What the task requires: Print each entry precisely; exclude the pictures.

------ Material provided ------

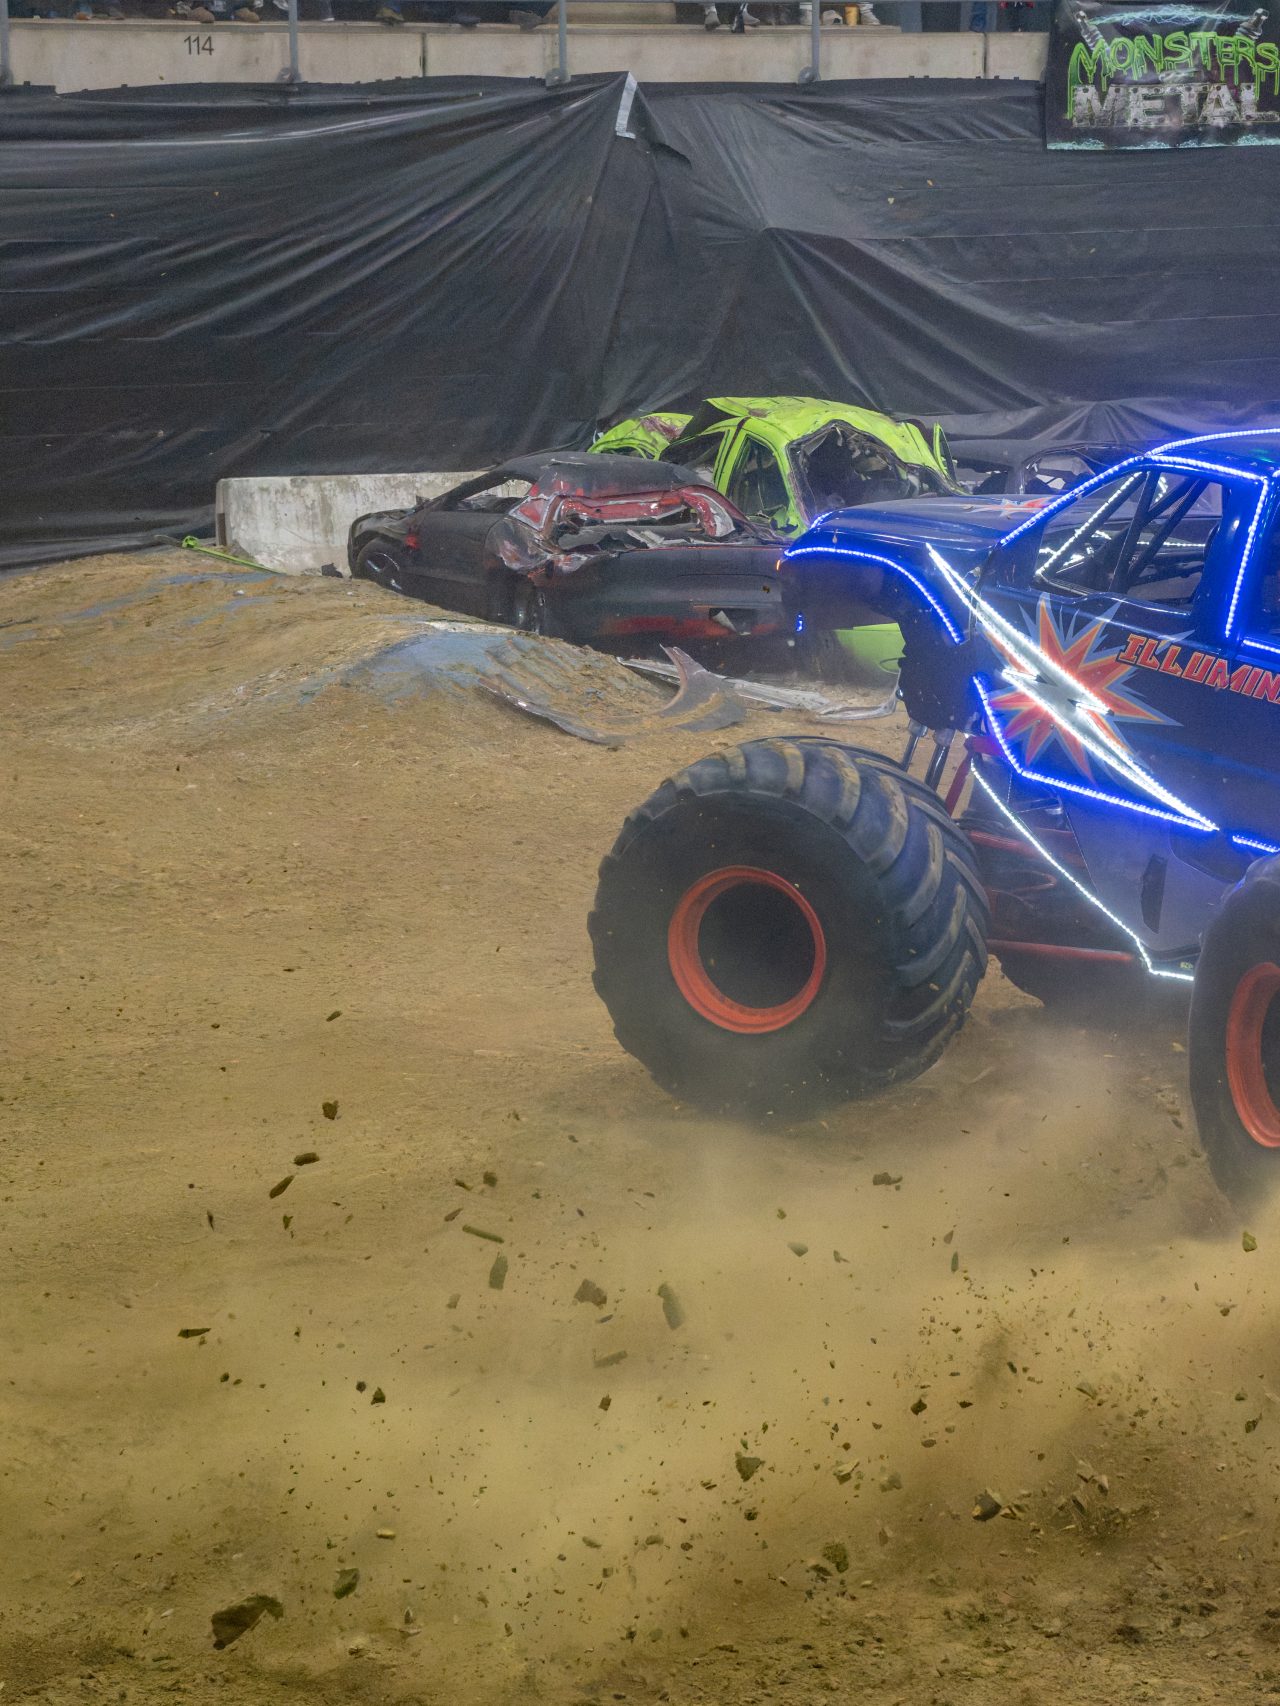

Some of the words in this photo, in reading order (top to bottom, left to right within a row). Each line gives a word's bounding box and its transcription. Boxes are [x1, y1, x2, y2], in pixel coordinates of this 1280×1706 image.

[183, 35, 215, 56] 114
[1067, 31, 1280, 103] MONSTERS
[1072, 83, 1280, 128] METAL
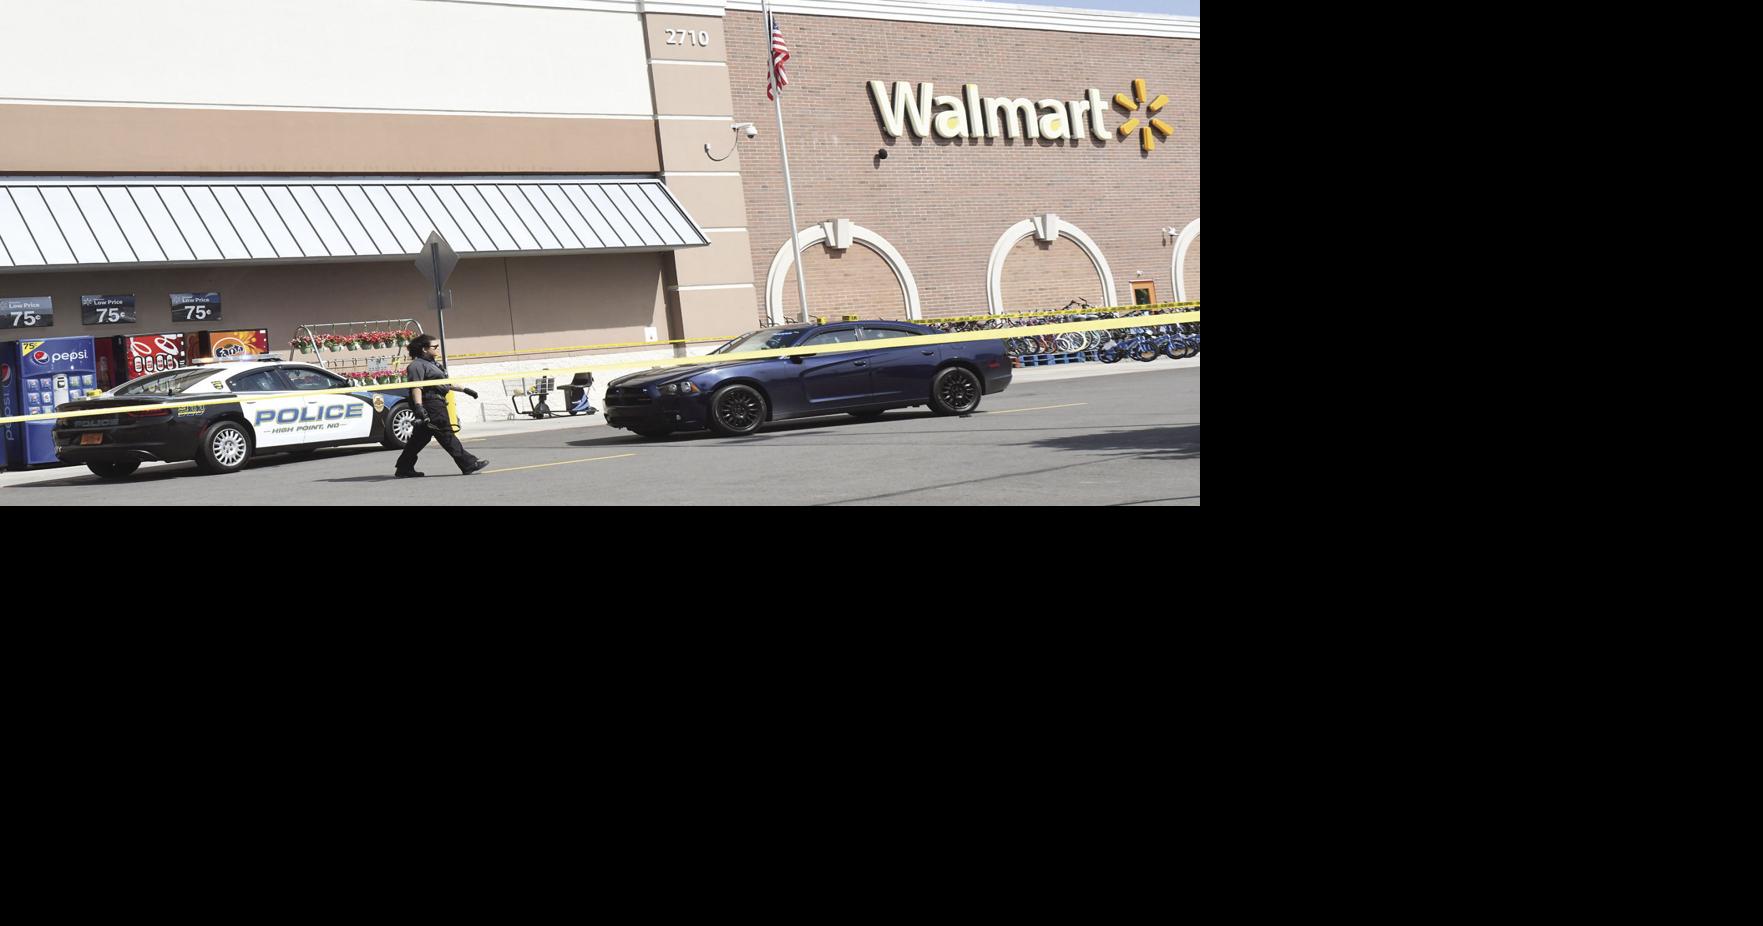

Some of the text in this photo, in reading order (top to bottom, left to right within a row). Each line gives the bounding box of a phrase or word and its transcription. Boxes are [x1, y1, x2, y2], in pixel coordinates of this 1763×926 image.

[665, 28, 709, 47] 2710
[867, 80, 1112, 140] Walmart
[51, 349, 88, 363] pepsi
[255, 402, 364, 426] POLICE
[271, 426, 294, 434] HIGH
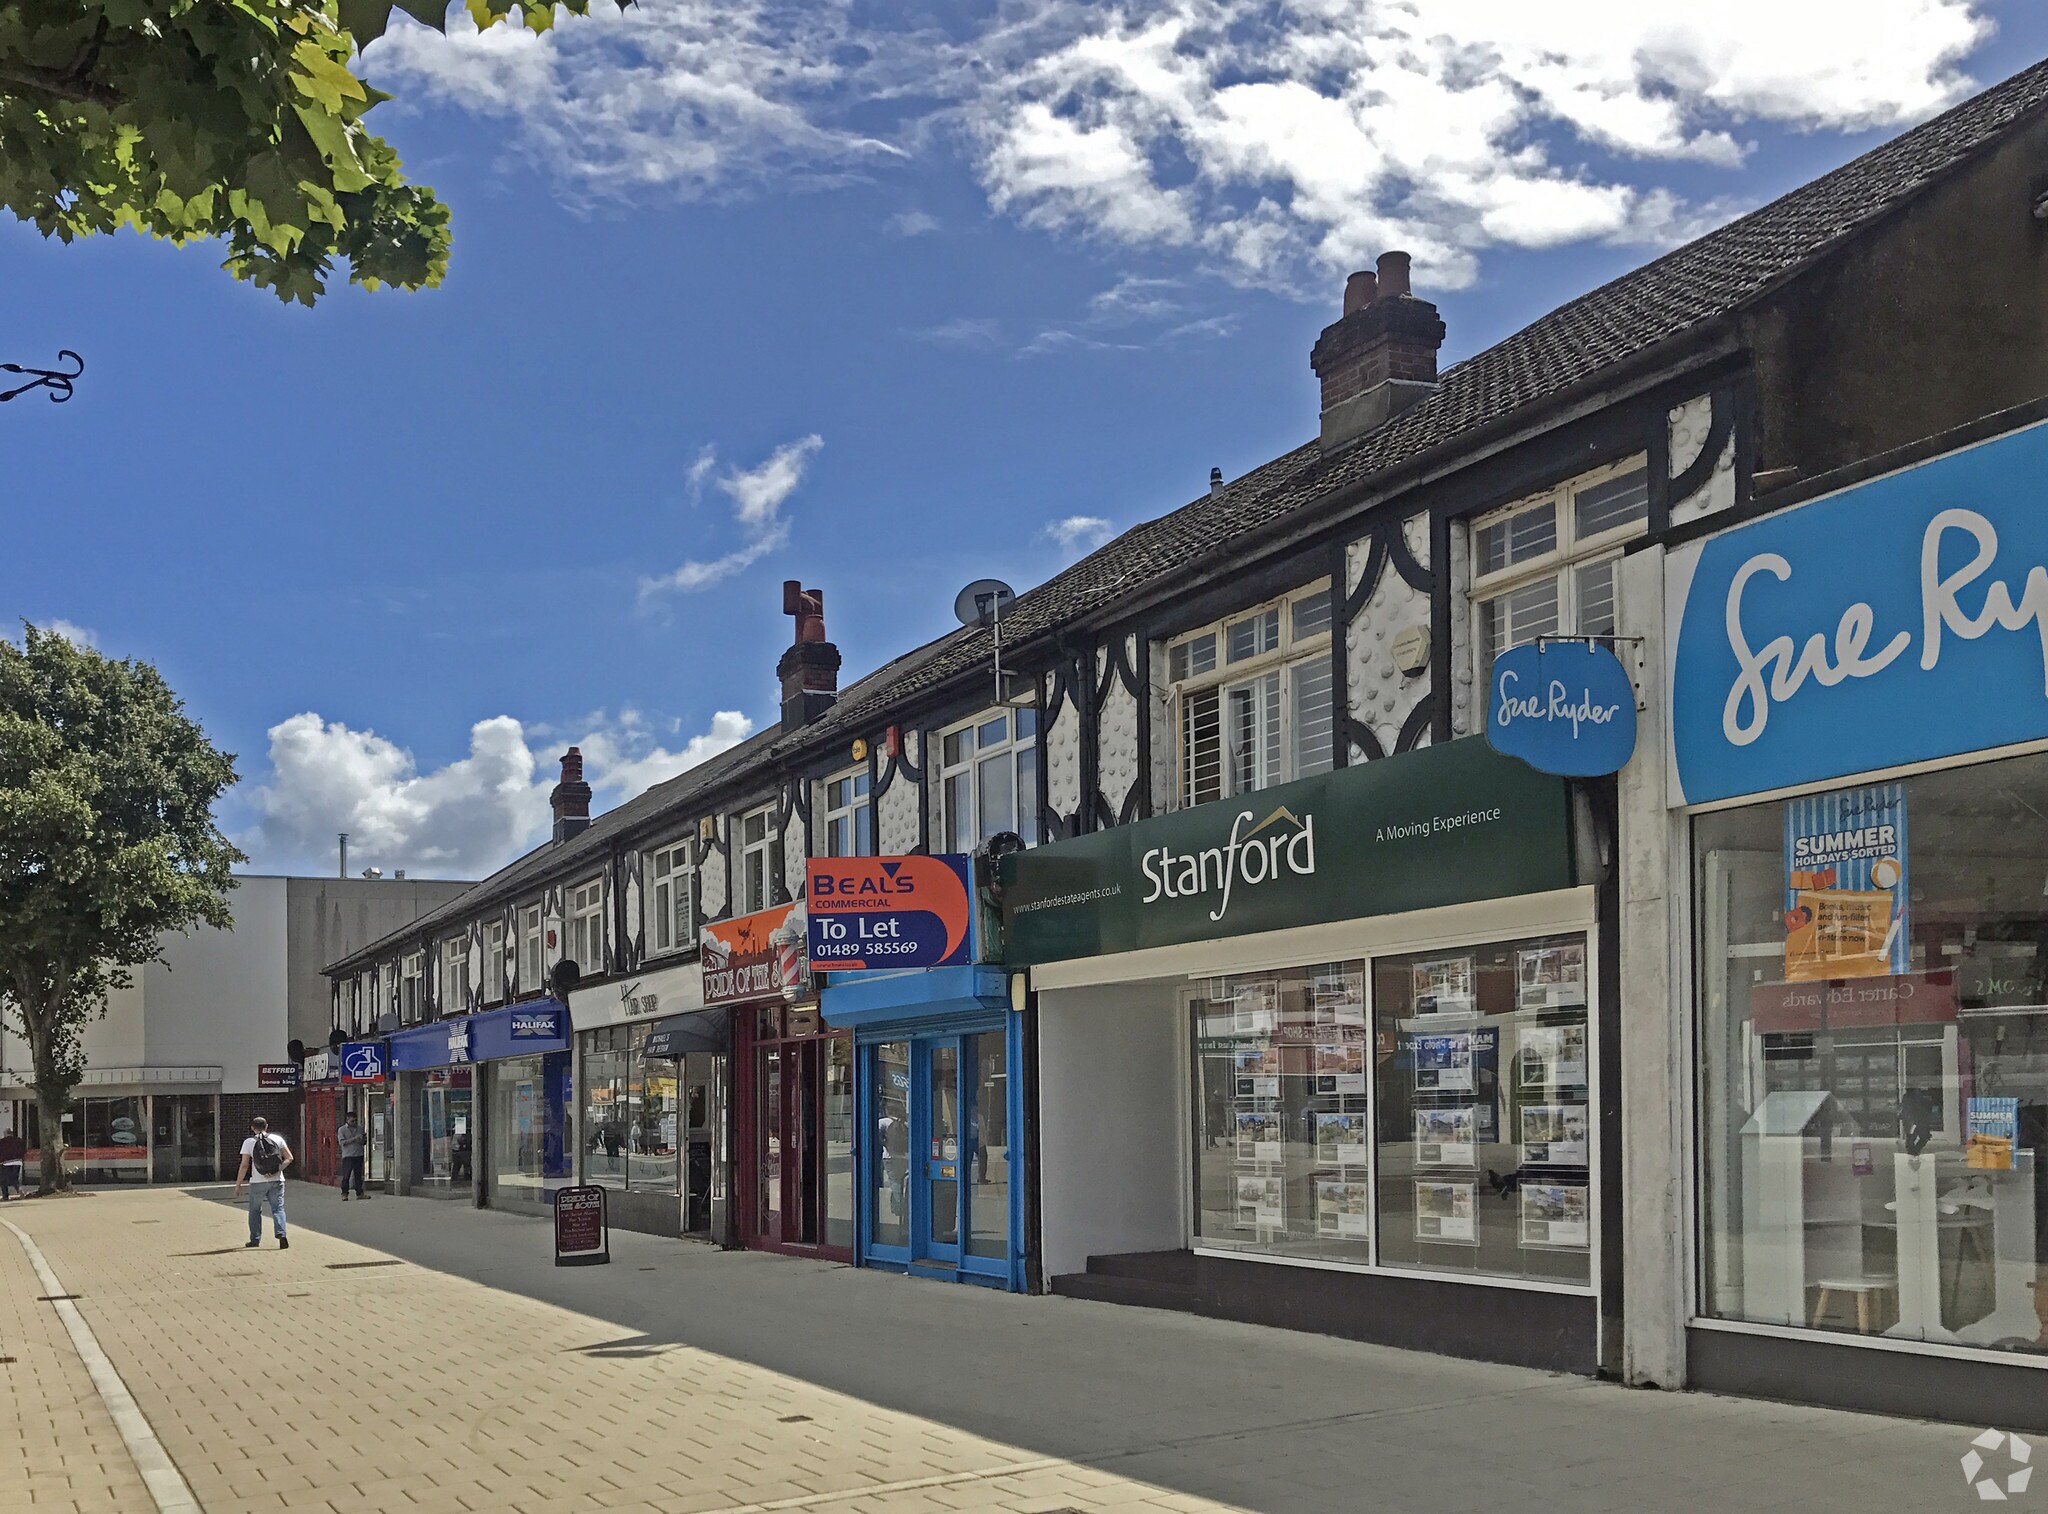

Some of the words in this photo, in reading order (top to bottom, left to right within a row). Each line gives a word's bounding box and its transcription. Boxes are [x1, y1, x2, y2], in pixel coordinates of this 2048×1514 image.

------

Response to the task:
Some of the words in this photo, in reading order (top to bottom, left to right within a row). Each line gives a word's bounding box and its transcription. Boxes are [x1, y1, x2, y2], in pixel coordinates of this 1280×1706 image.

[183, 35, 215, 56] 114
[1067, 31, 1280, 103] MONSTERS
[1072, 83, 1280, 128] METAL

Some of the text in this photo, in reading order (top to bottom, left to right within a row). Each line gives the bounding box of a phrase or word and its transcription. Boxes are [x1, y1, x2, y2], in pixel coordinates of this 1763×926 image.

[665, 28, 709, 47] 2710
[867, 80, 1112, 140] Walmart
[51, 349, 88, 363] pepsi
[255, 402, 364, 426] POLICE
[271, 426, 294, 434] HIGH

Some of the words in this photo, in reading order (top to bottom, left to right within a row). Each line gives a word's bounding box and its transcription. Boxes are [x1, y1, x2, y2], in pixel coordinates of this 2048×1514 image.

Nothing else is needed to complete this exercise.